__Exercise details__. Exact copies of all the lines below are wanted, without a single picture.

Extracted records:
• • • • • • •
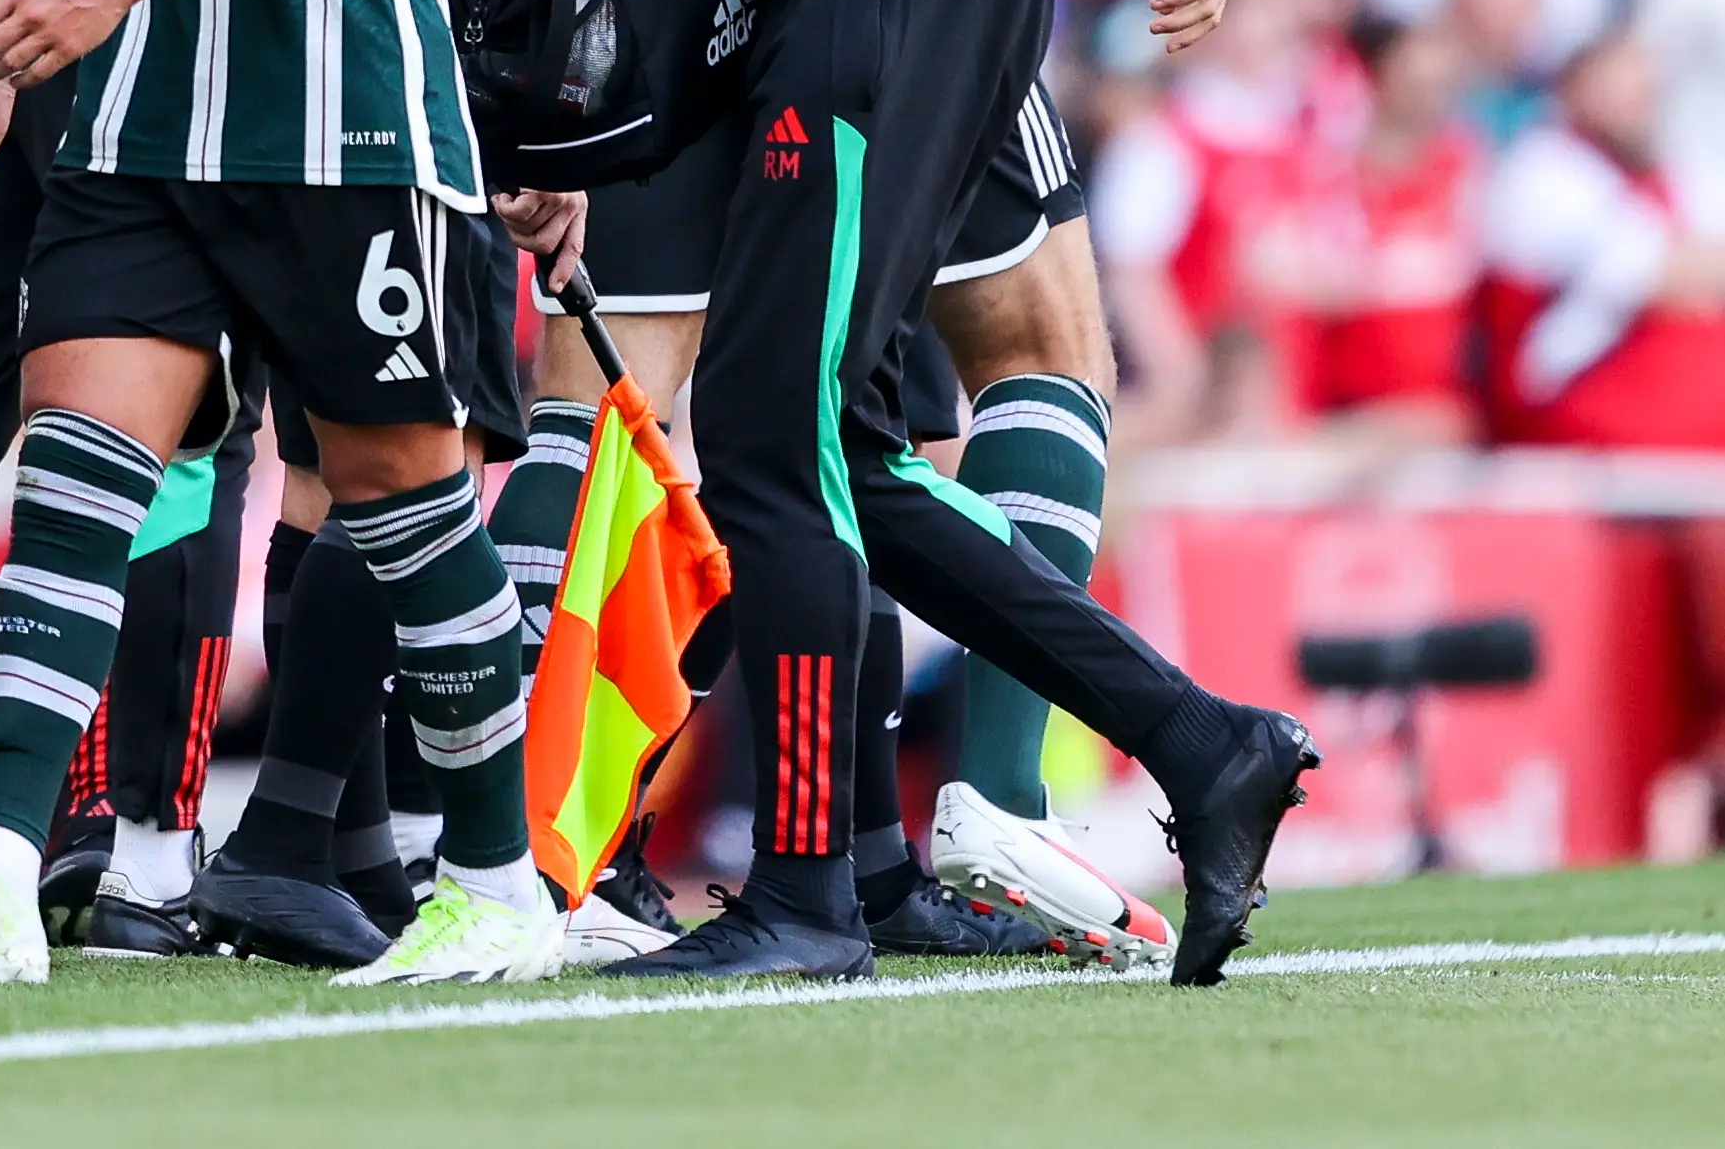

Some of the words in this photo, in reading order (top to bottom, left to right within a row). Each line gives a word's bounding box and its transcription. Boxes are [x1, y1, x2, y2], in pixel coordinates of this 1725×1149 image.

[340, 130, 397, 146] HEAT.RDY
[764, 150, 800, 182] RM
[357, 230, 424, 337] 6
[420, 681, 474, 695] UNITED
• • • • • • •
__Written reply__.
Some of the words in this photo, in reading order (top to bottom, left to right within a row). Each line gives a word's bounding box and its transcription. Boxes are [x1, y1, x2, y2], in pixel coordinates of this 1725×1149 image.

[340, 130, 397, 146] HEAT.RDY
[764, 150, 800, 182] RM
[357, 230, 424, 337] 6
[420, 681, 474, 695] UNITED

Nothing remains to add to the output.